Giuseppe Cecchi, a real estate developer who became known as the Washington area’s “condo king” but left perhaps his most enduring mark on the nation’s capital as the project manager in charge of the construction of the Watergate complex in the early 1960s, died April 4 at his home in McLean, Virginia. He was 93.
He had a heart ailment, said his son John Cecchi.
Cecchi had not yet turned 30 when he arrived in the United States in 1959, an Italian engineer dispatched by the Società Generale Immobiliare – owned in part by the Vatican, the largest real estate and construction company in Italy – to explore an expansion into North America.
He soon found himself in Washington, where SGI bought 10 acres in what at the time was an industrial site on the banks of the Potomac River.
“As a European, I didn’t see the warehouses and gasworks, and I didn’t think in those terms,” Cecchi told The Washington Post years later. “I saw the river and the distance to the White House.”
That tract of land became home to the Watergate. Designed by Italian architect Luigi Moretti and built between 1963 and 1971, the complex was one of the first mixed-use developments in D.C., with luxury apartments, a hotel, offices and stores.
With it sleek, curvilinear design, the Watergate in short order became one of the most sought-after addresses in Washington, with high-powered residents from across the city’s political, business and cultural circles.
Also in relatively short order, the name of the complex entered the political lexicon following the break-in on June 17, 1972, at the offices of one of its tenants, the Democratic National Committee – the precipitating event in the Watergate scandal that ultimately drove President Richard M. Nixon from office.
Cecchi went on to form the company that became the IDI Group Cos. and established himself as what The Post described as “Washington’s undisputed ‘condo king,’” a developer who rivaled Oliver T. Carr Jr. and Charles E. Smith in their influence on the world of real estate in Washington and the surrounding region.
According to his family, Cecchi and his company developed 28 residential communities that included a total of 14,000 homes, 2.7 million square feet of office and commercial space, and 1,400 hotel rooms.

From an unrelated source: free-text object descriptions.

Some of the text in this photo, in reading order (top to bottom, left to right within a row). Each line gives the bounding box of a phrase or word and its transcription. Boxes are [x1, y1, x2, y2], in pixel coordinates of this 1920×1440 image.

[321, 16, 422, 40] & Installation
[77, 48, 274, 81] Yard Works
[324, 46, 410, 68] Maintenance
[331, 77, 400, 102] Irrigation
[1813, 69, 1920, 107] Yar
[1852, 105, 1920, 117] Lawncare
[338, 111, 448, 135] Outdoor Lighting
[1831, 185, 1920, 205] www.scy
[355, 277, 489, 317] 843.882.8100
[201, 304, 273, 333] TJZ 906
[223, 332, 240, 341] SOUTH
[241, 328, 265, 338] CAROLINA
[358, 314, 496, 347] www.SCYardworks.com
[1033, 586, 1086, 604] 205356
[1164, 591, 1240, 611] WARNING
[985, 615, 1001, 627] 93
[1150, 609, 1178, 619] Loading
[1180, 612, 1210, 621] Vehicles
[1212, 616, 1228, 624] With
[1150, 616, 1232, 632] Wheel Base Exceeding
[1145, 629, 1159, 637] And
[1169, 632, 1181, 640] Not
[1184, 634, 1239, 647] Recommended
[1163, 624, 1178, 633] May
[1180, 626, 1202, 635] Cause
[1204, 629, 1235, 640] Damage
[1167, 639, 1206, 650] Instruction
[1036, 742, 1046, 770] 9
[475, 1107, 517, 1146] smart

His most significant projects included the conversion of the apartments at the Parkfairfax community in Alexandria, Virginia, to condominiums; the Leisure World community in Lansdowne, Virginia; parts of the Leisure World community in Silver Spring, Maryland; and condo complexes including the Rotonda in the Tysons Corner area of Northern Virginia, the Belvedere in Rosslyn and Carlyle Towers in Alexandria.
Cecchi’s company also built office buildings including the Rosslyn Center Tower and hotels such as the Renaissance in downtown Washington. The Renaissance was built as part of Techworld, a project – never brought fully to fruition – that Cecchi had envisioned as a high-tech trade center and that represented one of the few setbacks of his career.

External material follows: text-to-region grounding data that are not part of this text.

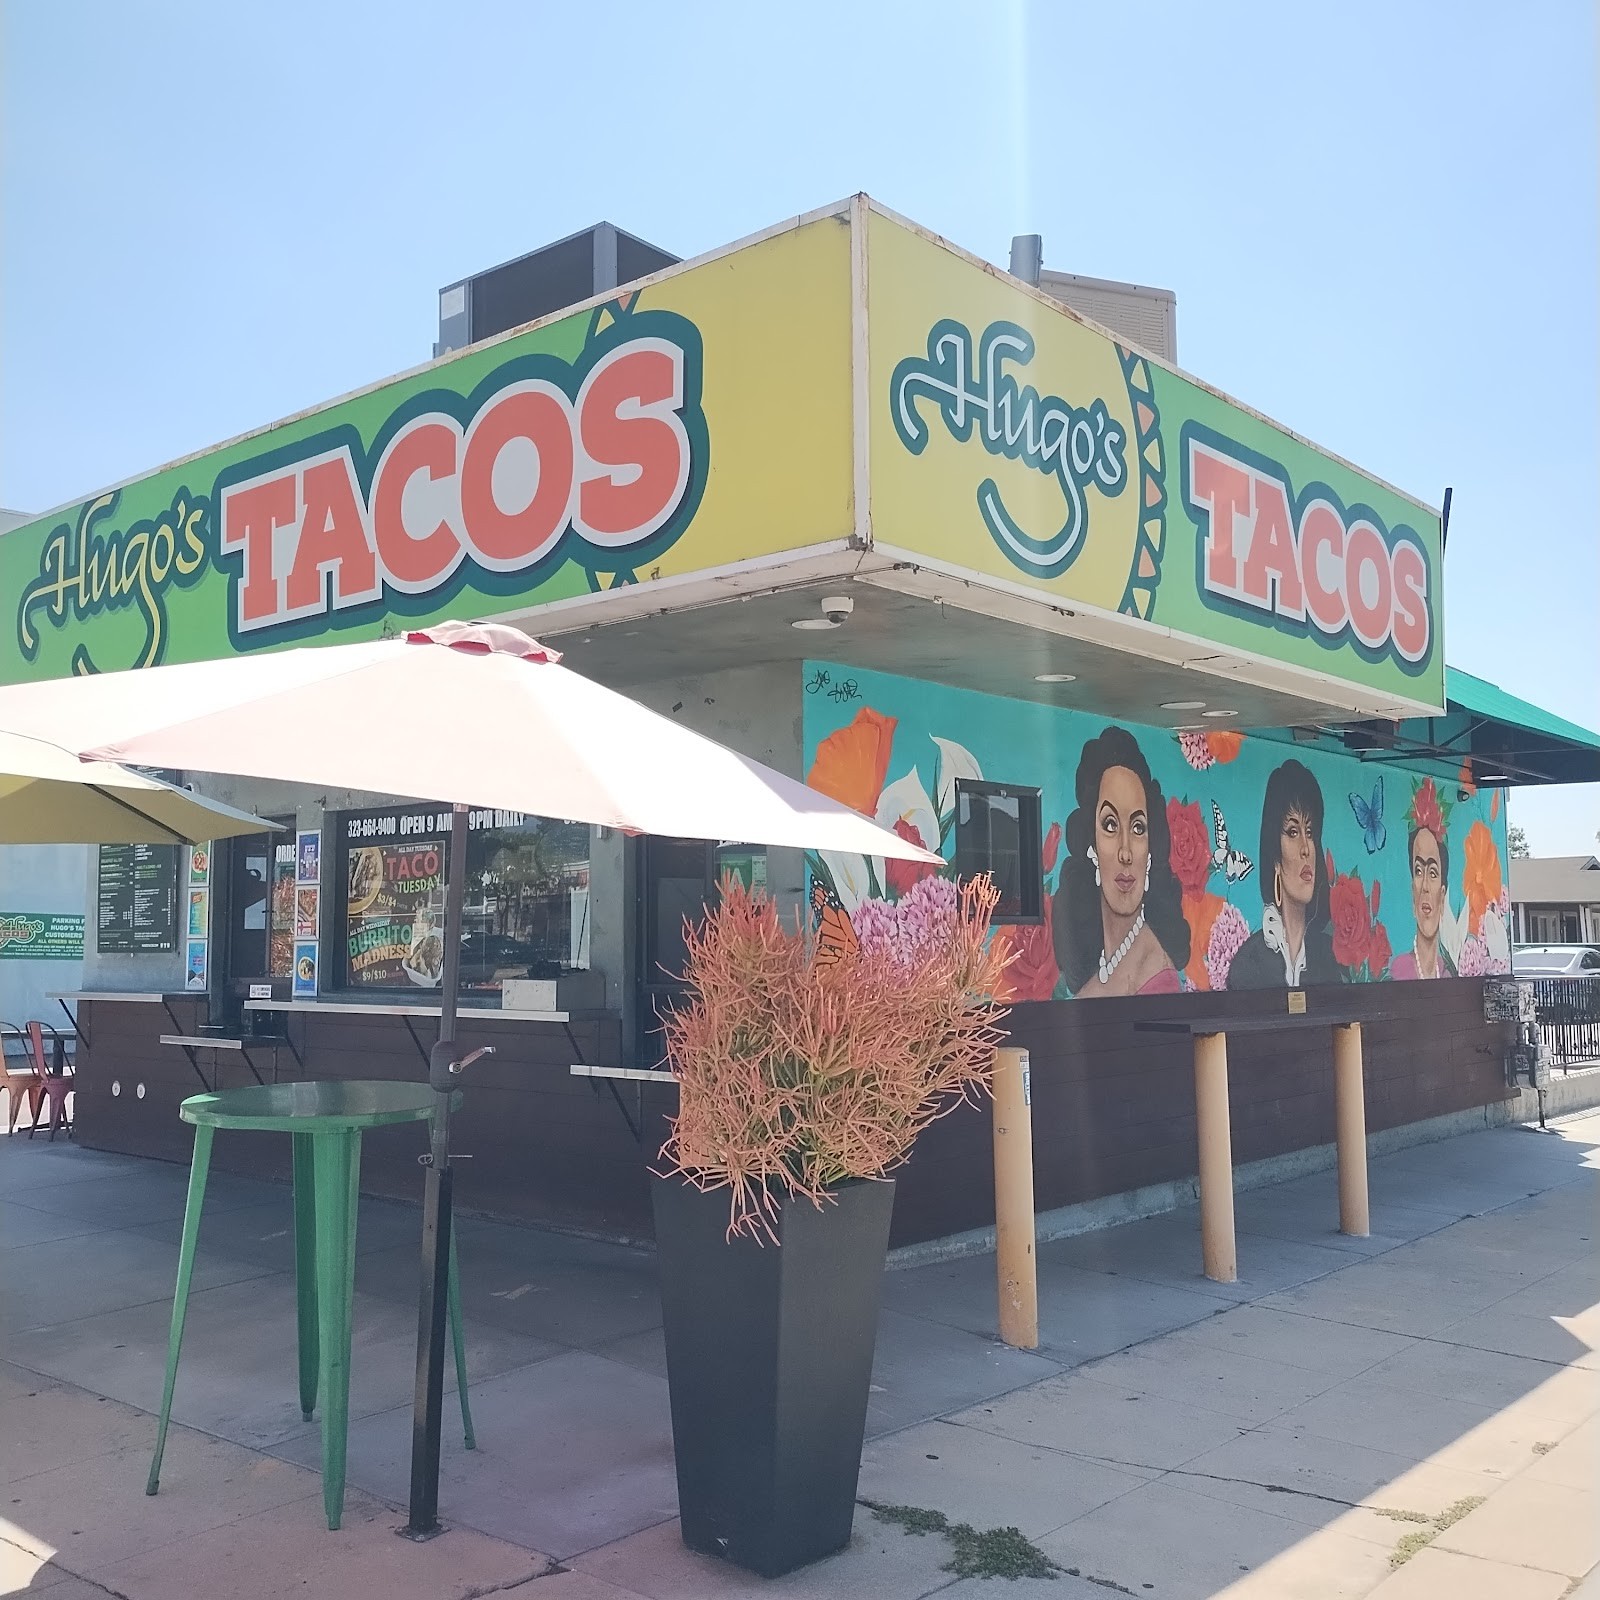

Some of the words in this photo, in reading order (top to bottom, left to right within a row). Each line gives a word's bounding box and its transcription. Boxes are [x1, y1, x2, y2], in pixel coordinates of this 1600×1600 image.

[899, 332, 1122, 566] Hugo's
[220, 337, 691, 632] TACOS
[1189, 437, 1430, 662] TACOS
[20, 492, 206, 670] Hugo's
[347, 817, 396, 838] 323-664-9400
[399, 815, 426, 834] OPEN
[426, 814, 434, 832] 9
[435, 812, 453, 832] AM
[468, 810, 493, 831] 9PM
[494, 809, 525, 828] DAILY
[386, 851, 438, 881] TACO
[398, 873, 441, 894] TUESDAY
[0, 930, 29, 939] COS
[349, 925, 411, 957] BURRITO
[352, 943, 412, 972] MADNESS
[362, 969, 387, 983] $9/$10

Giuseppe Cecchi was born in Milan on June 9, 1930. His father was the city’s chief engineer, and his mother was a homemaker.
Cecchi studied engineering at the Politecnico di Milano and spoke little English when he arrived in the United States. Living at first in New York City, he built his vocabulary on the dialogue he heard in Westerns as a frequent patron of double features at the movies.
With SGI, he developed the Watergate at the Landmark condominium complex in Alexandria before starting his own company.
Survivors include his wife of 55 years, the former Mercedes Sánchez Varela, of McLean; four children, Antonio Cecchi and Enrico Cecchi, both of McLean, Carlos Cecchi, of Alexandria, and Giuseppe “John” Cecchi, of Washington; a brother; and 12 grandchildren.
Cecchi, who became a U.S. citizen, backed Republican nominee Donald Trump in the 2016 presidential race and held several private fundraisers for him.
He played a supporting role in an earlier era of presidential politics during the saga that brought fame, or infamy, to the Watergate. It was Cecchi, scouting for tenants for his brand new building, who lured the cash-strapped DNC to the complex in 1967 by offering a favorable deal on rent.
When the DNC soon fell behind in rent payments, Cecchi argued that the organization should be evicted, author Joseph Rodota reported in his book “The Watergate: Inside America’s Most Infamous Address.” His superiors overruled him, and the DNC remained. In the hours after the 1972 break-in, Cecchi was alerted to the incident that had occurred in his building – and that would give it a permanent place in political history.